> **What to produce**:
In full and exactly, please return the records, but keep out the pictures.

> **Data to examine**:
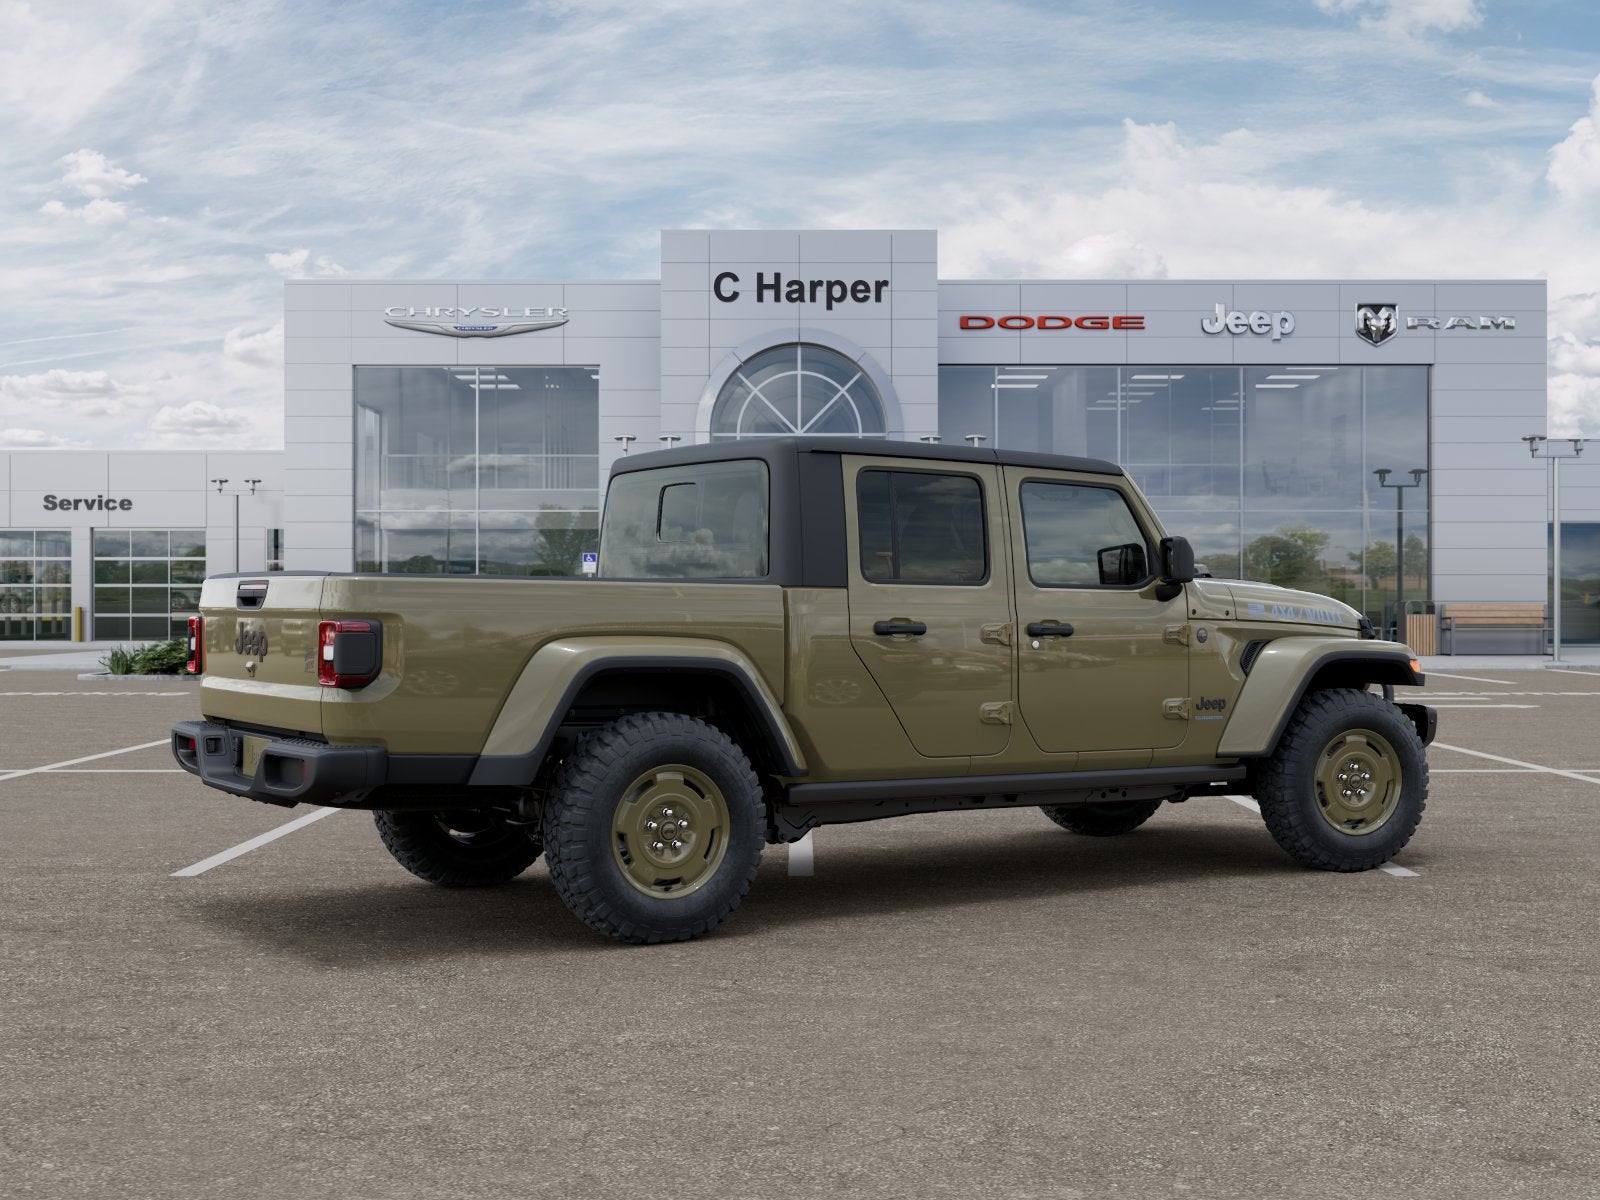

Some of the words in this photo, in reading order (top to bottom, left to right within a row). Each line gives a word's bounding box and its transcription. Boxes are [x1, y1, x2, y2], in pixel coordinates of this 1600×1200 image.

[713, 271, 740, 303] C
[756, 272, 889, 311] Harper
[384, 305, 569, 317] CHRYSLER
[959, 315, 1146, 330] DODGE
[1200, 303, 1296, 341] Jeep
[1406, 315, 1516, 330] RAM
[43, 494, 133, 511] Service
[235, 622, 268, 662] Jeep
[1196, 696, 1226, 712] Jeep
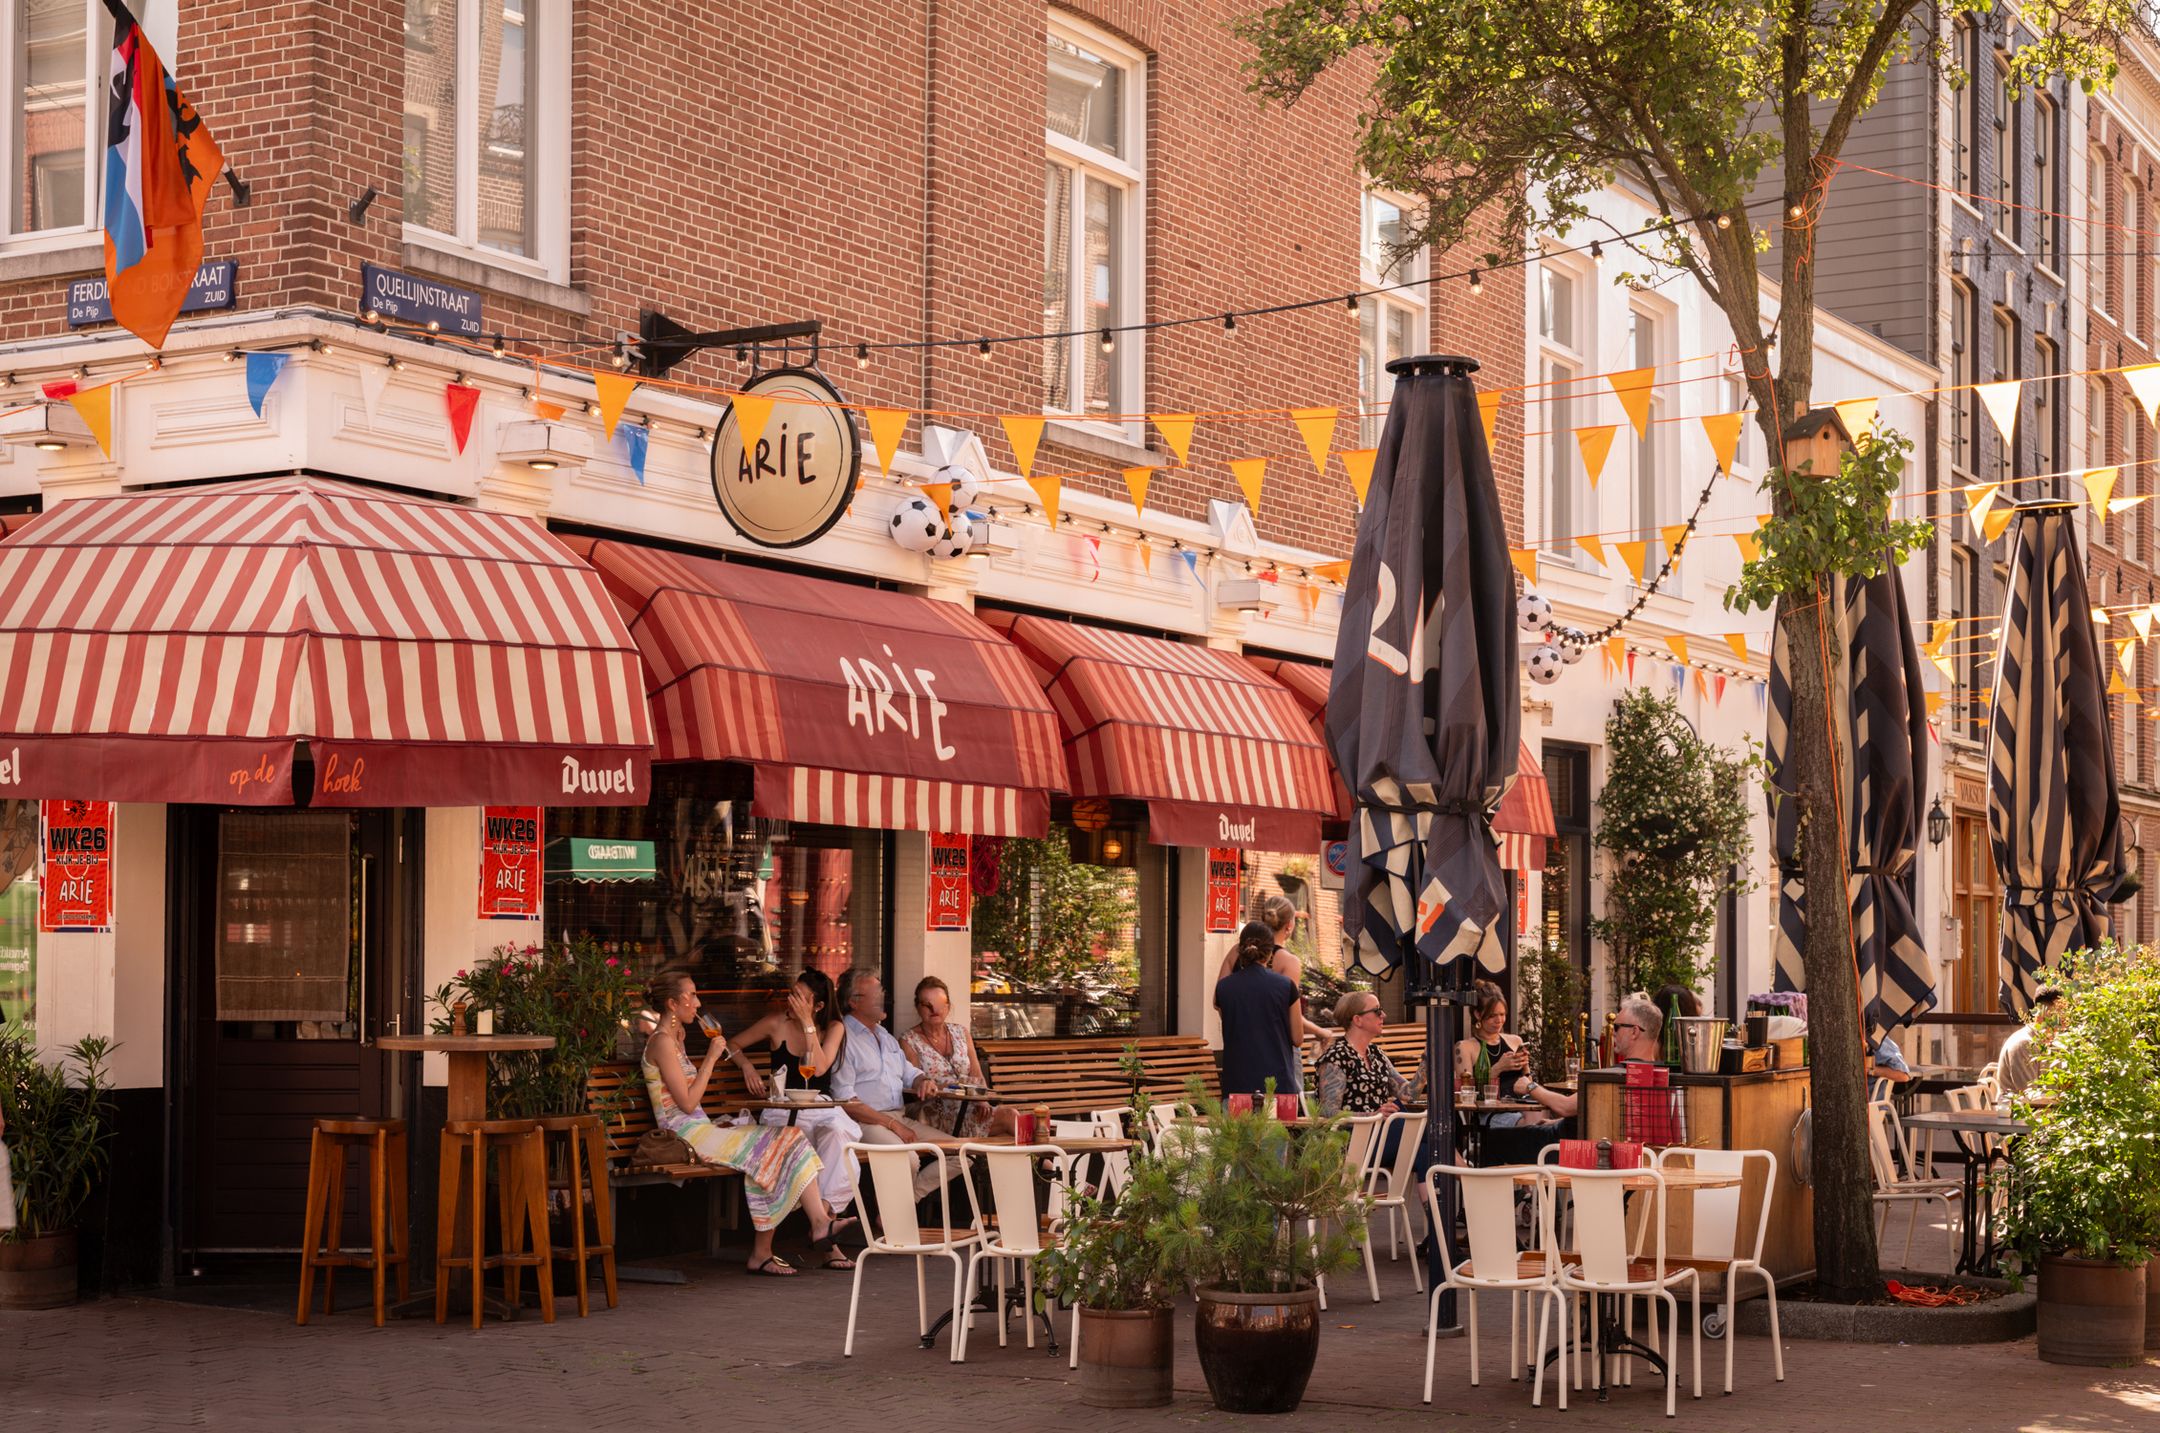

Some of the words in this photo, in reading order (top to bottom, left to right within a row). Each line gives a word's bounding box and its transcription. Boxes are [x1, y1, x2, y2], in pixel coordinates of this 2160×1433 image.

> **Solution**:
Some of the words in this photo, in reading order (top to bottom, left to right within a row). Each line gives a word's bounding box and its transcription. Boxes are [x1, y1, x2, y2], in pixel coordinates of this 1600×1200 image.

[713, 271, 740, 303] C
[756, 272, 889, 311] Harper
[384, 305, 569, 317] CHRYSLER
[959, 315, 1146, 330] DODGE
[1200, 303, 1296, 341] Jeep
[1406, 315, 1516, 330] RAM
[43, 494, 133, 511] Service
[235, 622, 268, 662] Jeep
[1196, 696, 1226, 712] Jeep

Some of the words in this photo, in reading order (top to bottom, left to right within a row). Each line gives a word's bounding box and its transcription. Boxes are [x1, y1, x2, y2], in pixel coordinates of this 2160×1433 image.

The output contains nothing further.